For the first time in history, she said. Life expectancy in the United States is going down. That’s driven by deaths among white middle age men who’d never gone to college from overdoses, alcoholism, and suicide, — “diseases of despair.” A half-million people were dead who shouldn’t be, a Princeton University study found.

It was just that despair, Macy said, that Purdue Pharma capitalized on. Using prescription data, they targeted economically distressed areas where people were in real pain from lives spent mining, laboring in factories, and farming. The company knew which doctors were prescribing the most of their competitors’ products. That’s where they pitched their drugs. They treated doctors to trips. They gave them gifts. The doctors prescribed OxyContin to their patients.

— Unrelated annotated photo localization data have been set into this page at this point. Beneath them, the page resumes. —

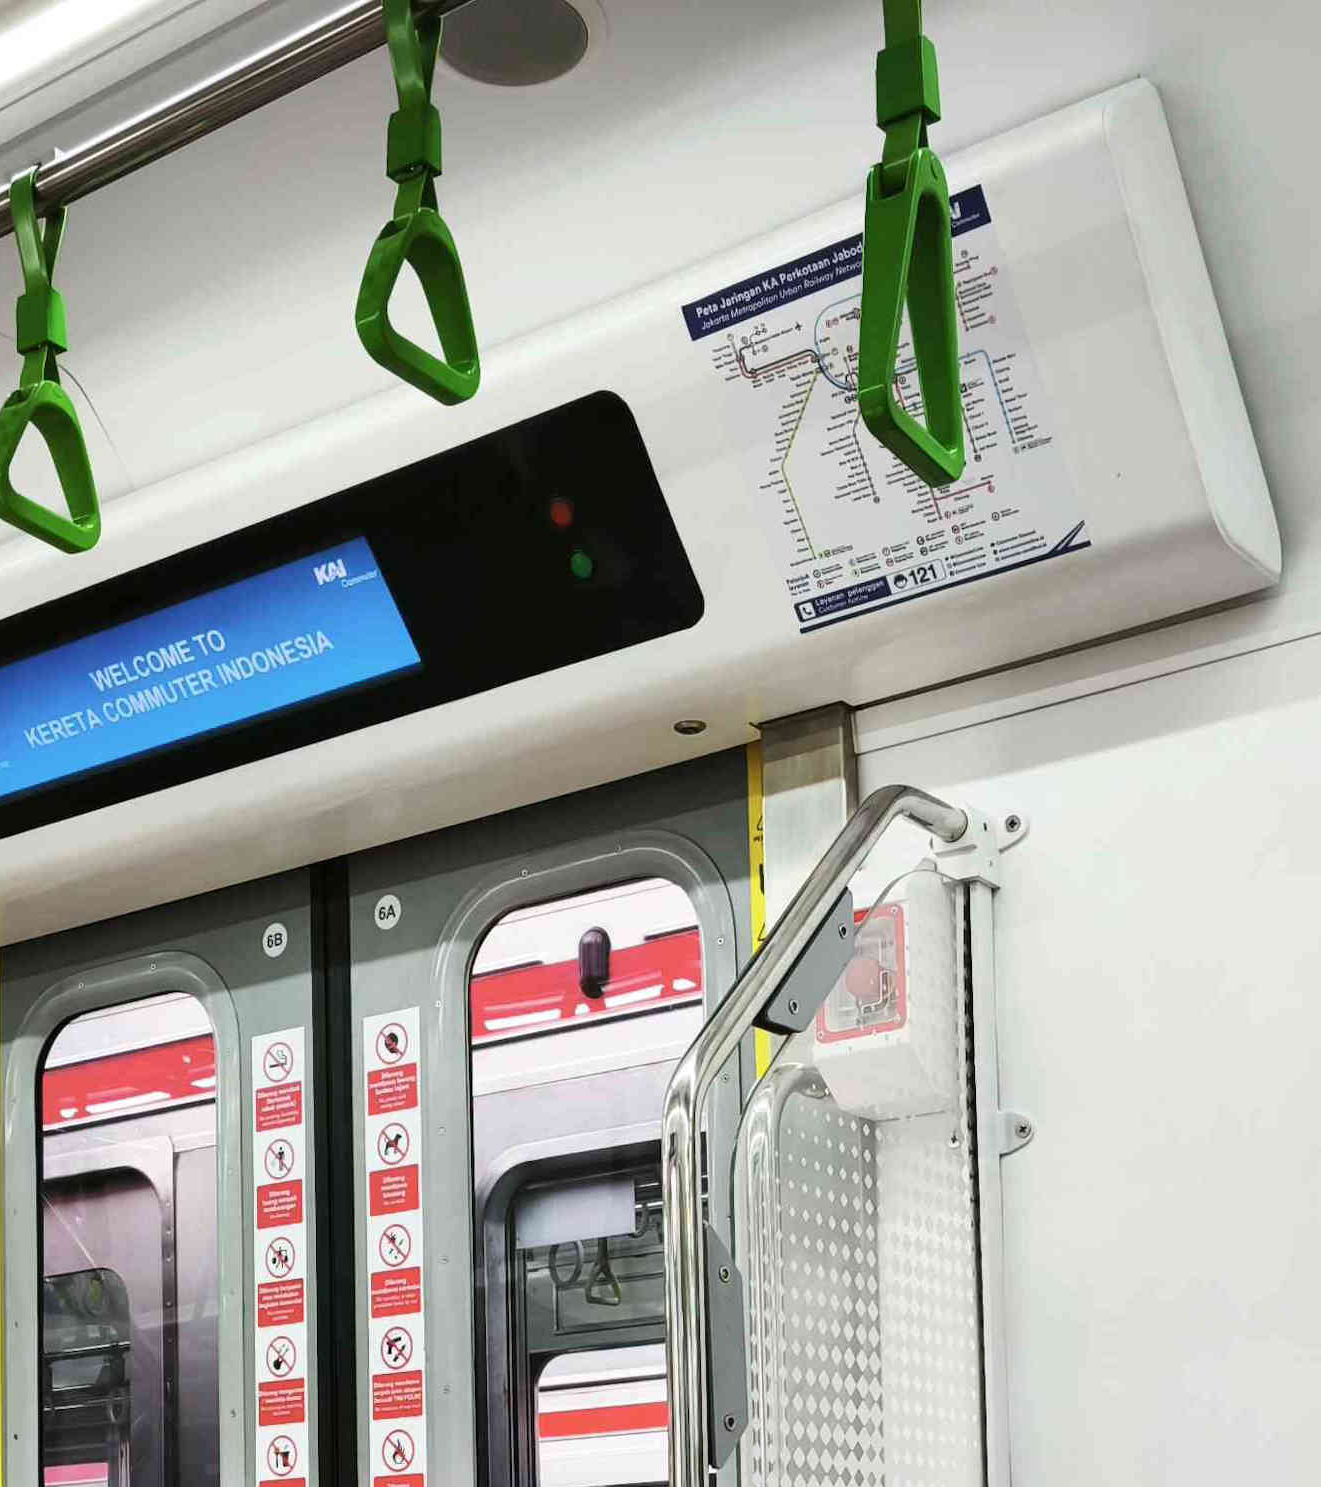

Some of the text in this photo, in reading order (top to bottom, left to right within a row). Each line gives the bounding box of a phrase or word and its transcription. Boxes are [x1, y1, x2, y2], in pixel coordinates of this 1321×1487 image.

[695, 241, 863, 318] Peta Jaringan KA Perkotaan Jabod
[701, 259, 863, 331] Jakarta Metropolitan Urban Railway Netwo
[312, 558, 347, 586] KAI
[909, 564, 938, 585] 121
[88, 629, 227, 692] WELCOME TO
[24, 630, 335, 749] KERETA COMMUTER INDONESIA
[378, 903, 396, 921] 6A
[266, 932, 283, 949] 6B
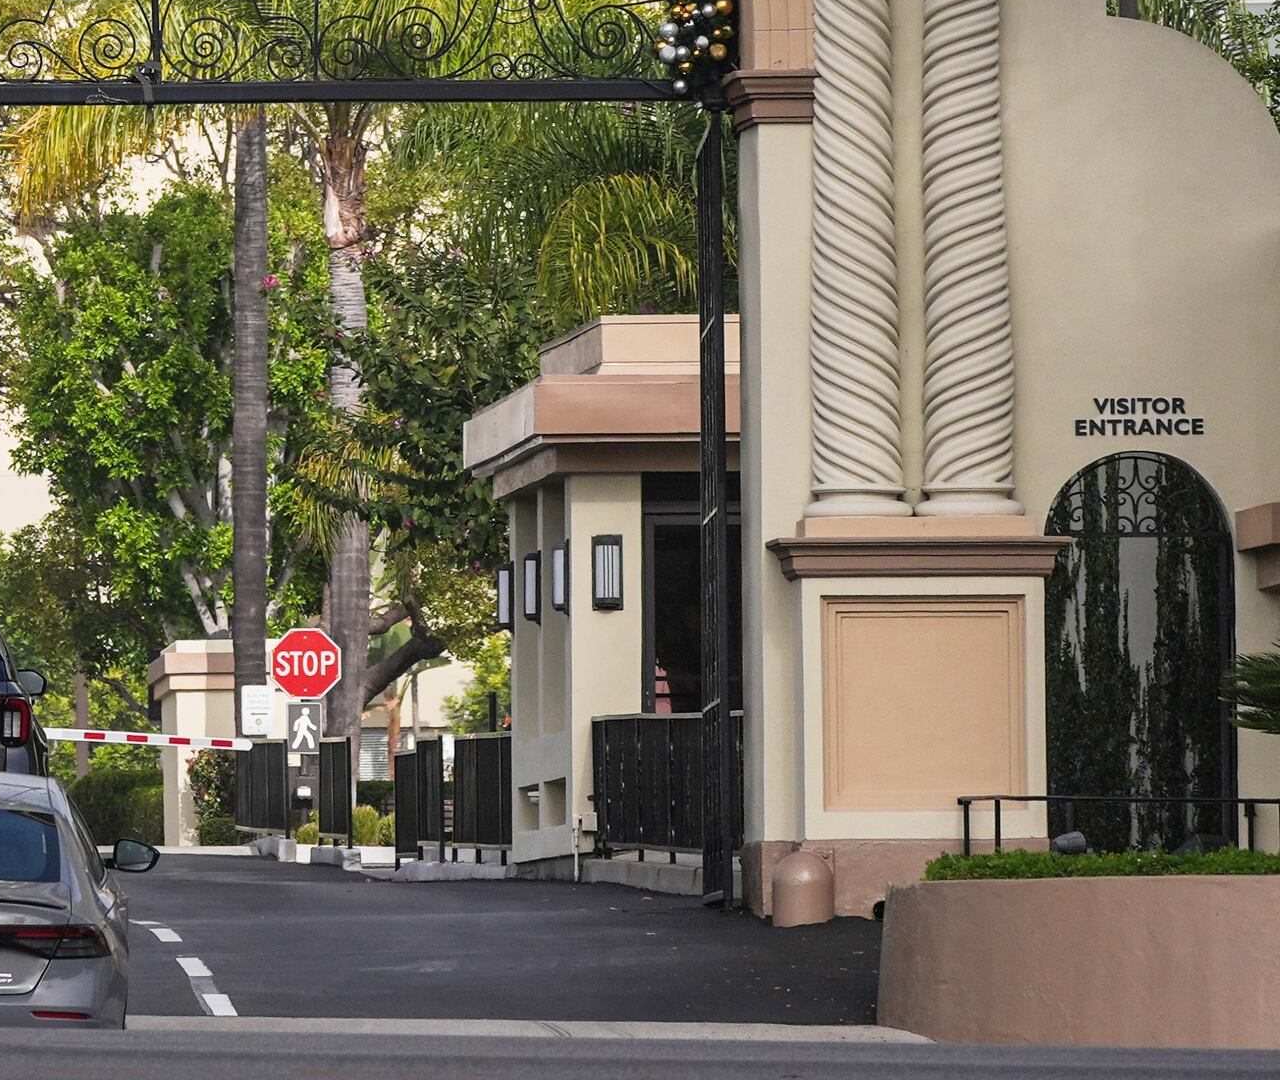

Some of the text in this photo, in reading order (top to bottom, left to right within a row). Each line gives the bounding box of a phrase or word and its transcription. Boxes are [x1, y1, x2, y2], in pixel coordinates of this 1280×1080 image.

[1093, 397, 1186, 415] VISITOR
[1074, 418, 1205, 437] ENTRANCE
[275, 650, 336, 677] STOP
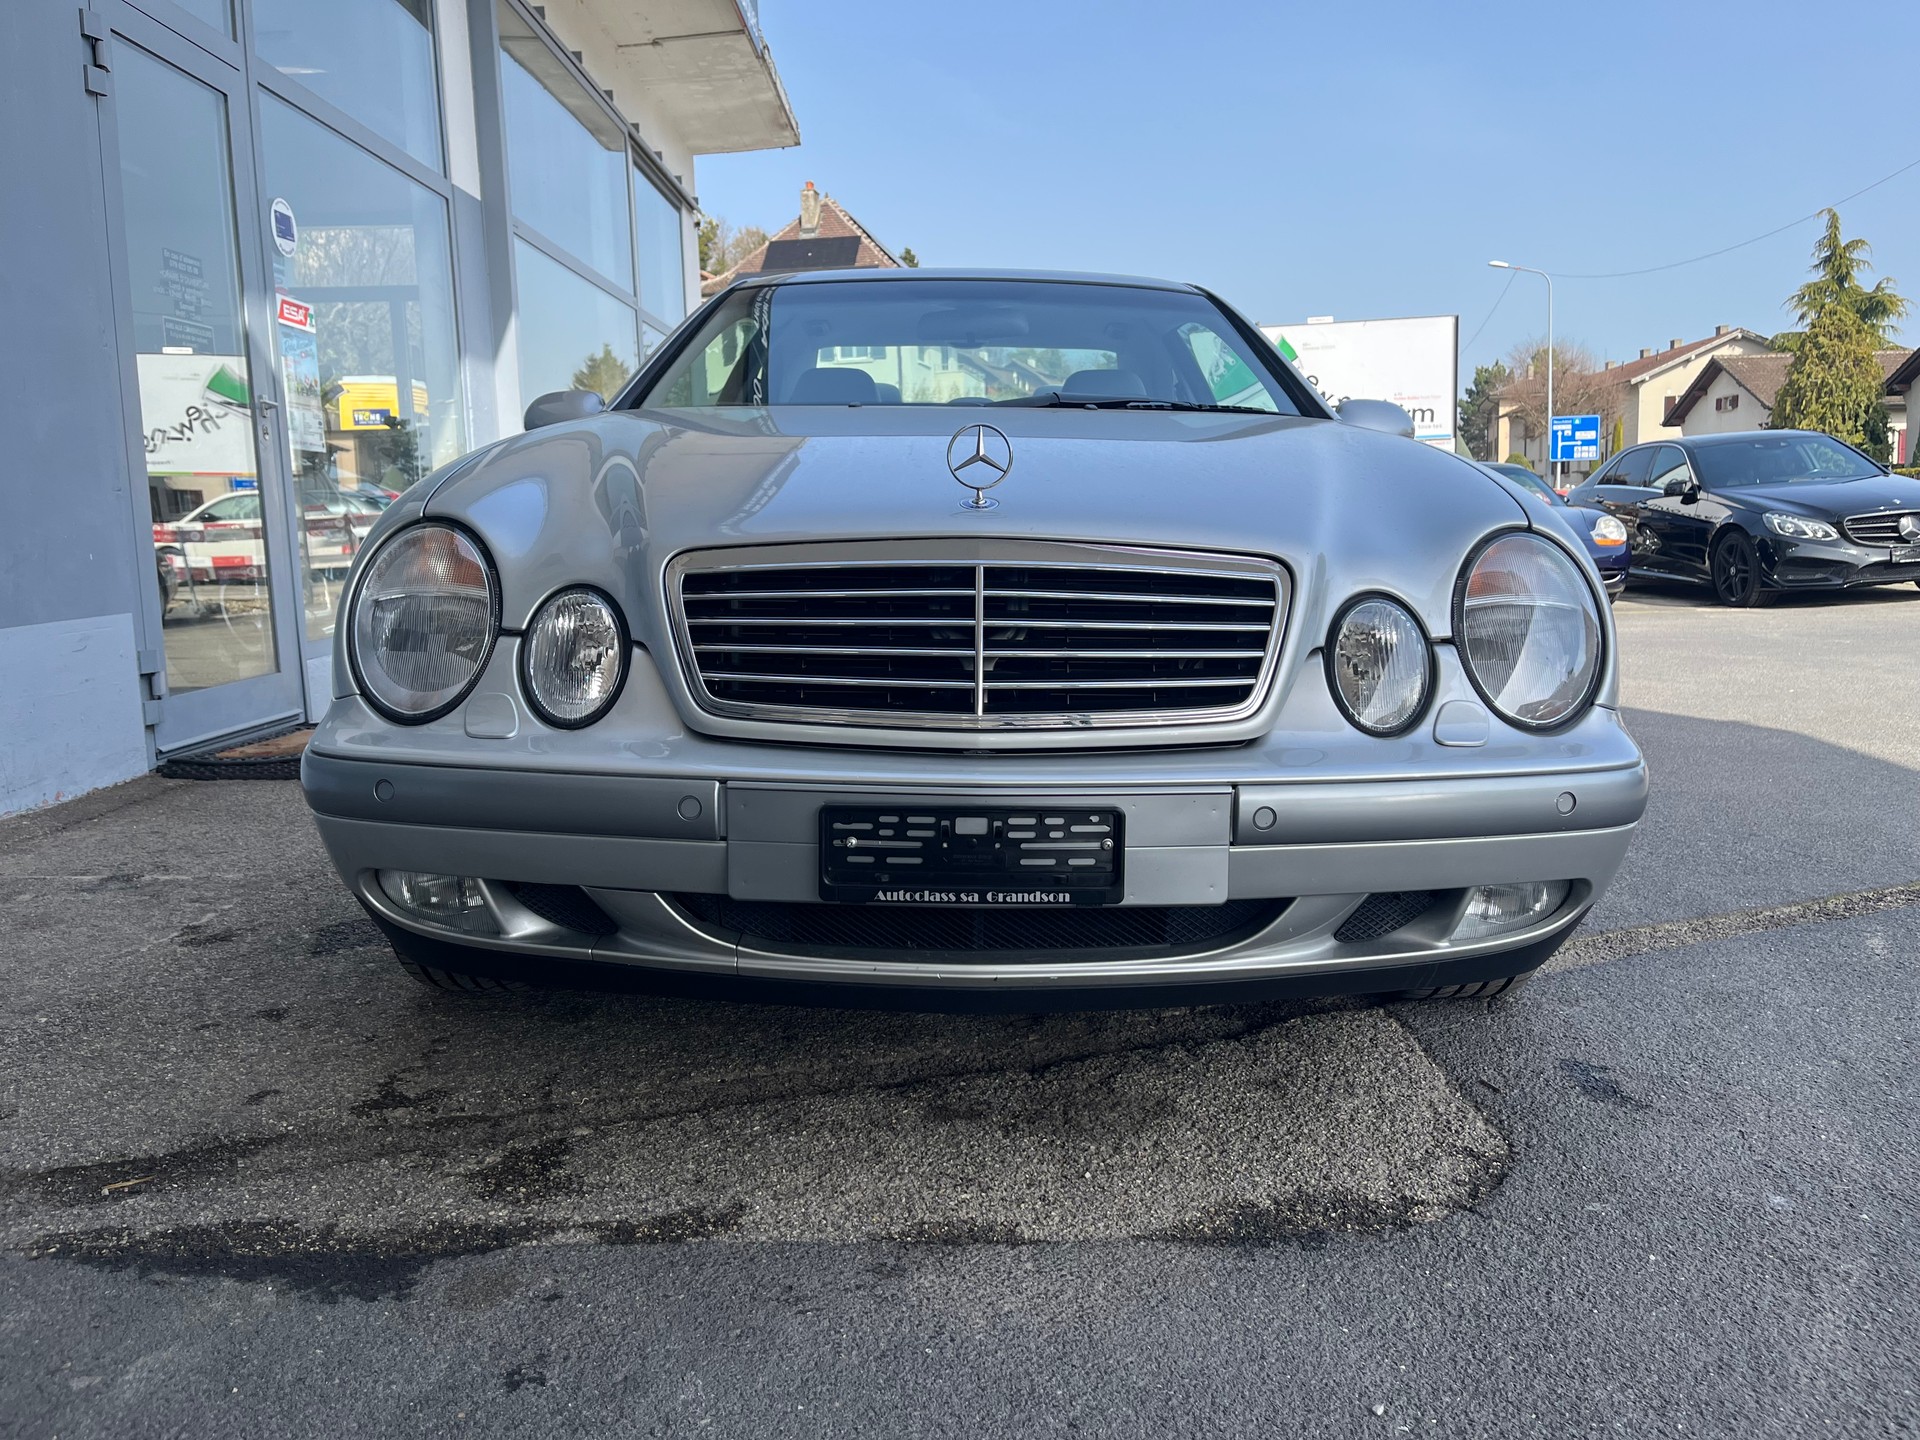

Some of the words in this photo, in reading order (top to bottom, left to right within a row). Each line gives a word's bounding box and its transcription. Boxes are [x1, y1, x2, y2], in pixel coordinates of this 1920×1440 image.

[282, 303, 305, 323] ESA
[874, 890, 956, 902] Autoclass
[959, 892, 979, 902] sa
[986, 891, 1070, 903] Grandson

Macy once asked a doctor at a party why he and his fellow physicians routinely prescribed a larger number of pills than necessary. Speaking under the influence of “the truth serum of beer,” he admitted, because they didn’t want to be bothered by calls on the weekend.

Tess Henry, then a teenager, went to urgent care for acute bronchitis. She got two 30-day prescriptions, one for a cough syrup with codeine, and another a pain killer that contained an opioid for sore throat. When she’d finished taking the drugs, she started to have diarrhea and felt nauseous. She didn’t know it , but she was feeling the results of withdrawal. She was dopesick. Through a connection at the restaurant where she worked, she got more pills. 

This started a spiral downward. She had a son, and lost custody of that child because of her addiction. She’d been hooked for three years, when Macy met her in 2015.

She turned to prostitution and was homeless. She desperately wanted to kick the habit, and just when she was headed home to Virginia from Las Vegas for another attempt, she disappeared. A homeless man foraging in a dump found her body.

Macy wore a necklace that was given to her by Tess’ mother. On it were symbols of what she loved in a life, her son, poetry, rescue dogs, and the tree of life symbol. Tess had a tree of life tattooed on her back. That’s how they identified her body.